▶ [Activity] Your answer should consist only of the records, copied exactly, with the images removed.

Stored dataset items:
-=-=-=-=-
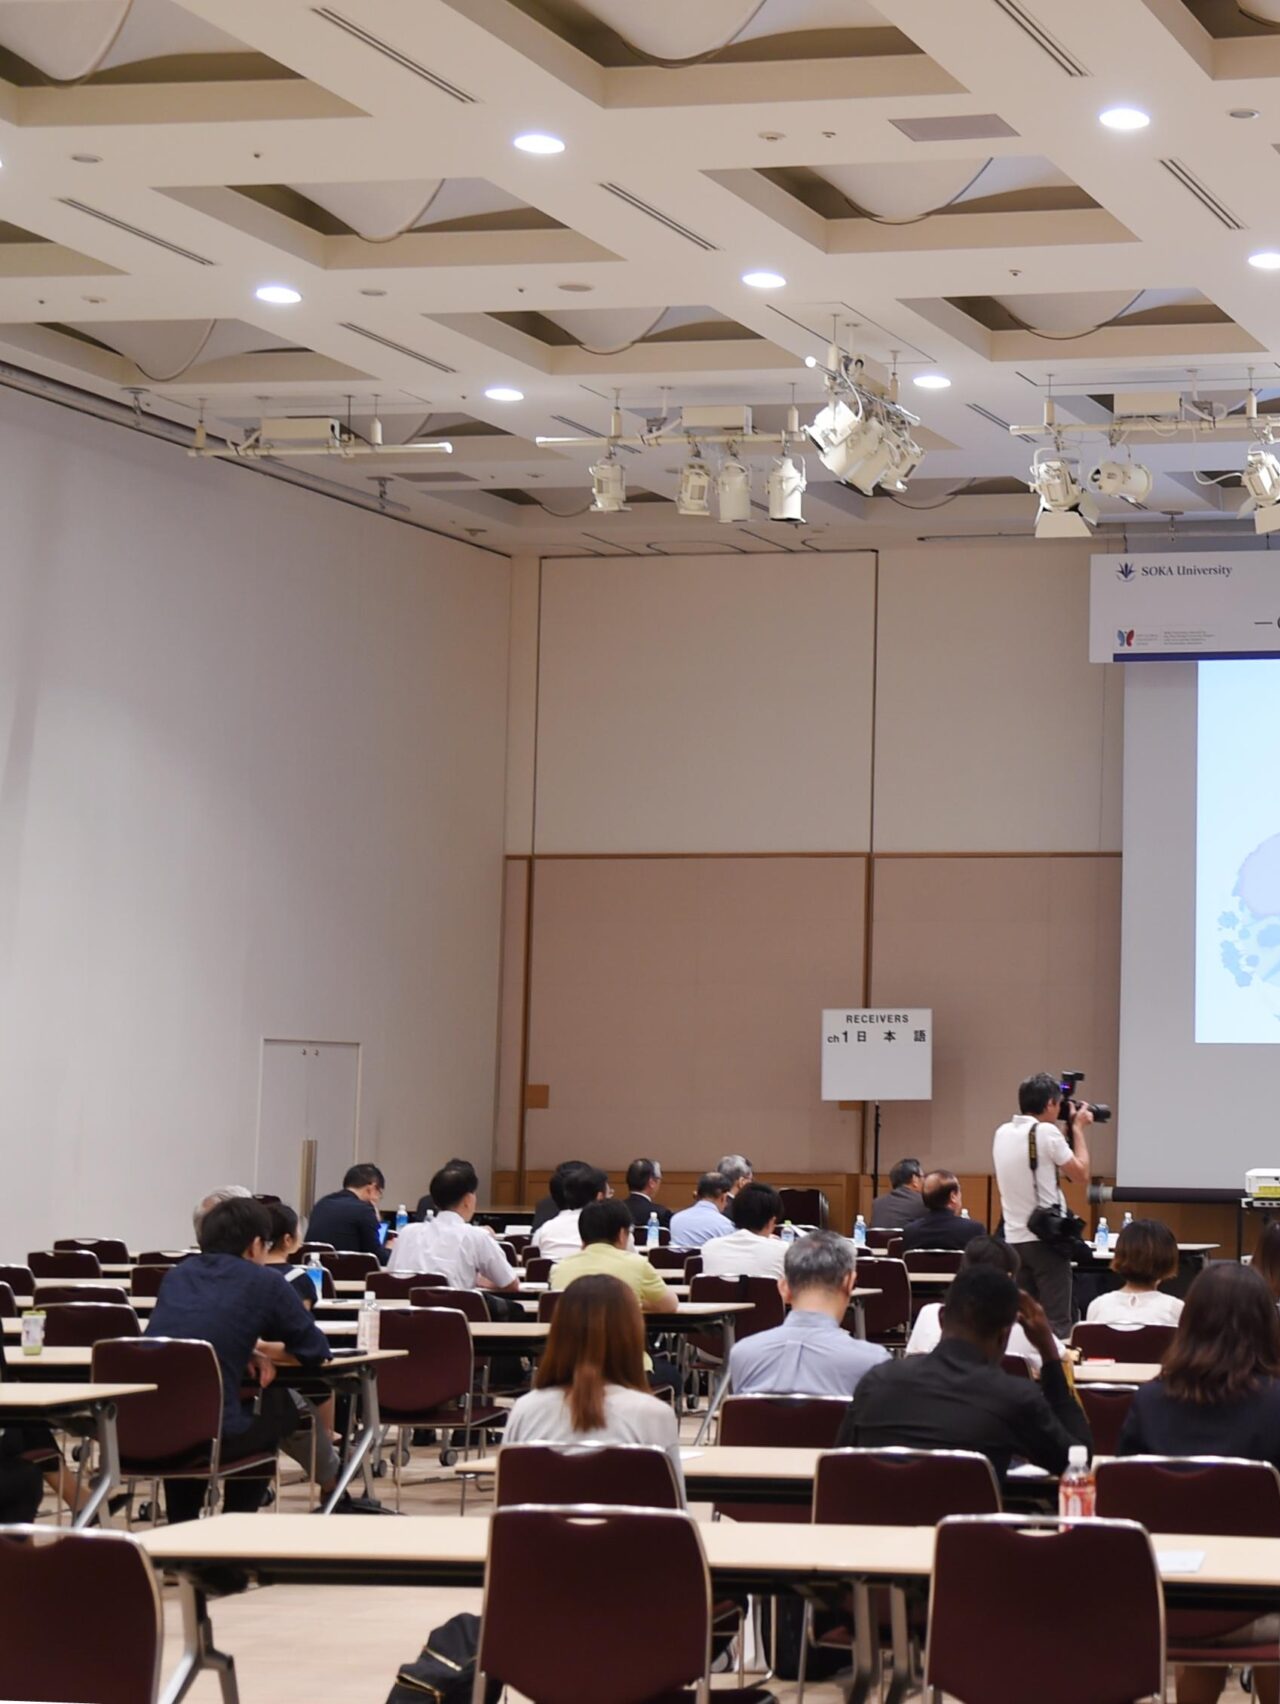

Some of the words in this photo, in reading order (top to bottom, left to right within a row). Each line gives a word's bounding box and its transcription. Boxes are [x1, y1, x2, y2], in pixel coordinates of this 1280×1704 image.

[1141, 566, 1173, 576] SOKA
[1177, 565, 1232, 578] University
[846, 1014, 909, 1024] RECEIVERS
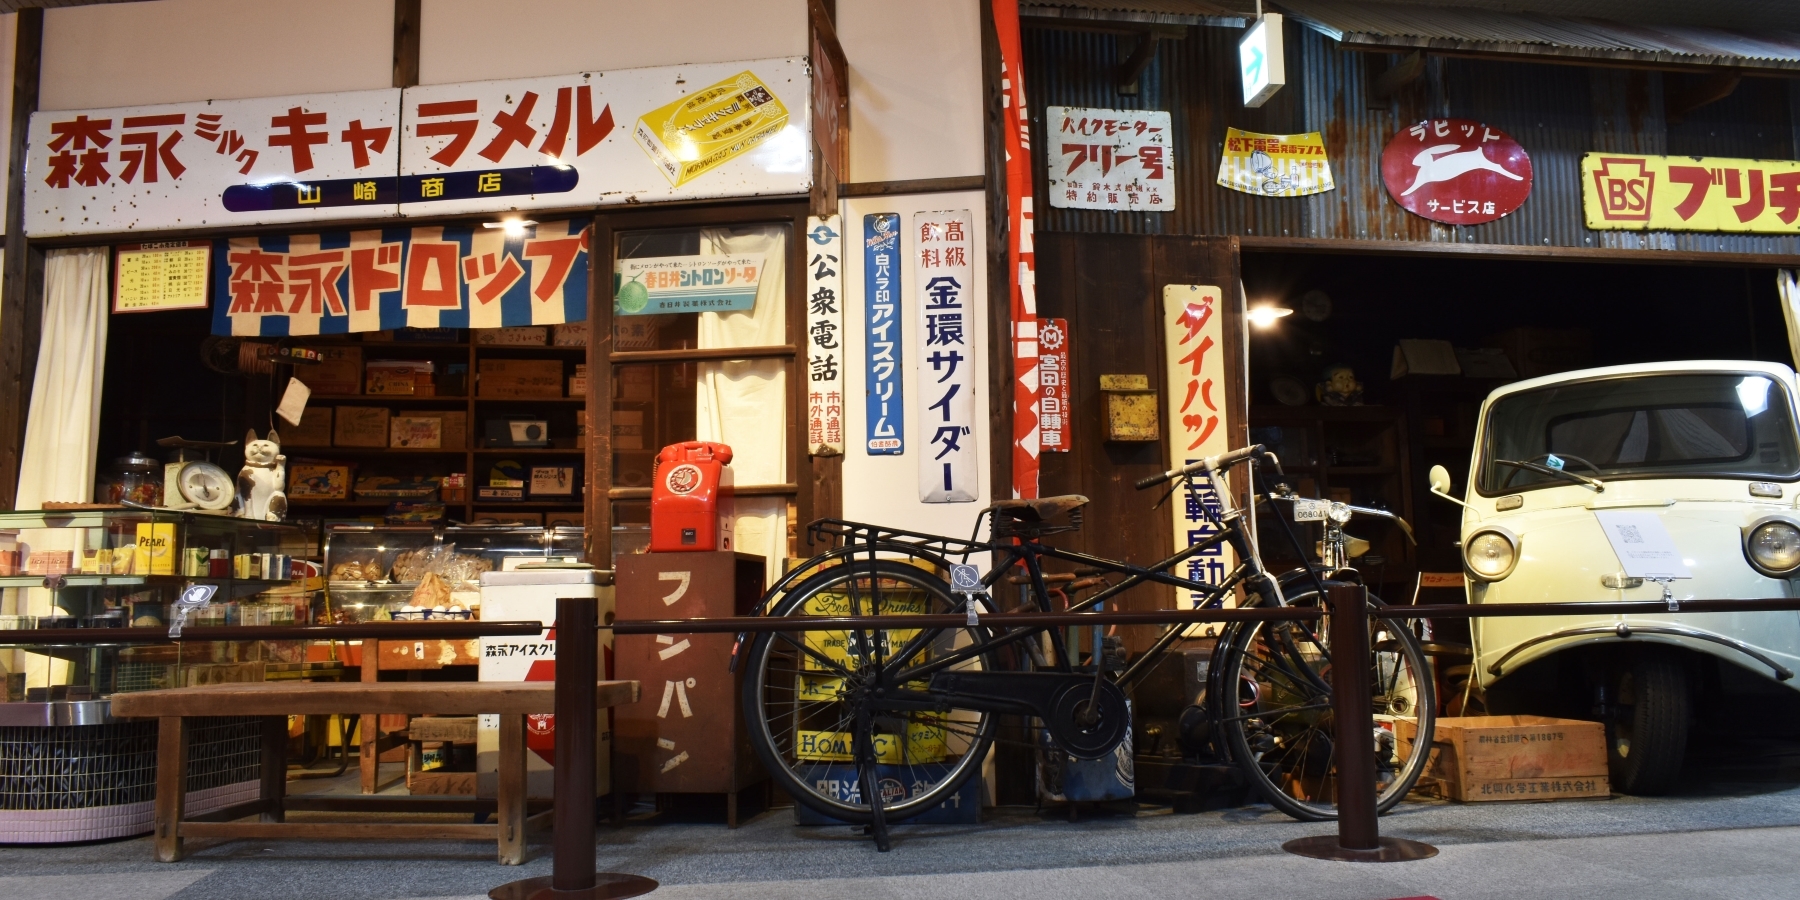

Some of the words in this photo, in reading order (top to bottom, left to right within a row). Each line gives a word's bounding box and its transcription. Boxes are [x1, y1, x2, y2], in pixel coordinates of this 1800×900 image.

[1062, 117, 1163, 137] バイクモーター
[1409, 120, 1500, 143] ラビット
[1062, 143, 1163, 180] フリー号
[297, 172, 502, 205] 山崎商店
[1066, 189, 1161, 205] 特約販売店
[1426, 199, 1496, 215] サービス店
[1608, 178, 1648, 211] BS
[919, 222, 942, 269] 飲料
[228, 232, 590, 316] 森永ドロップ
[875, 253, 890, 302] 白バラ印
[809, 253, 839, 382] 公衆電話
[872, 303, 896, 437] アイスクリーム
[925, 276, 971, 492] 金環サイダー
[1175, 296, 1220, 451] ダイハツ
[809, 391, 824, 444] 市外通話
[826, 391, 841, 443] 市内通話
[139, 536, 166, 547] PEARL
-=-=-=-=-
▶ [Output for this exercise]
Some of the words in this photo, in reading order (top to bottom, left to right within a row). Each line gives a word's bounding box and its transcription. Boxes are [x1, y1, x2, y2], in pixel coordinates of this 1280×1704 image.

[1141, 566, 1173, 576] SOKA
[1177, 565, 1232, 578] University
[846, 1014, 909, 1024] RECEIVERS

Some of the words in this photo, in reading order (top to bottom, left to right within a row). Each line gives a word's bounding box and its transcription. Boxes are [x1, y1, x2, y2], in pixel coordinates of this 1800×900 image.

[1062, 117, 1163, 137] バイクモーター
[1409, 120, 1500, 143] ラビット
[1062, 143, 1163, 180] フリー号
[297, 172, 502, 205] 山崎商店
[1066, 189, 1161, 205] 特約販売店
[1426, 199, 1496, 215] サービス店
[1608, 178, 1648, 211] BS
[919, 222, 942, 269] 飲料
[228, 232, 590, 316] 森永ドロップ
[875, 253, 890, 302] 白バラ印
[809, 253, 839, 382] 公衆電話
[872, 303, 896, 437] アイスクリーム
[925, 276, 971, 492] 金環サイダー
[1175, 296, 1220, 451] ダイハツ
[809, 391, 824, 444] 市外通話
[826, 391, 841, 443] 市内通話
[139, 536, 166, 547] PEARL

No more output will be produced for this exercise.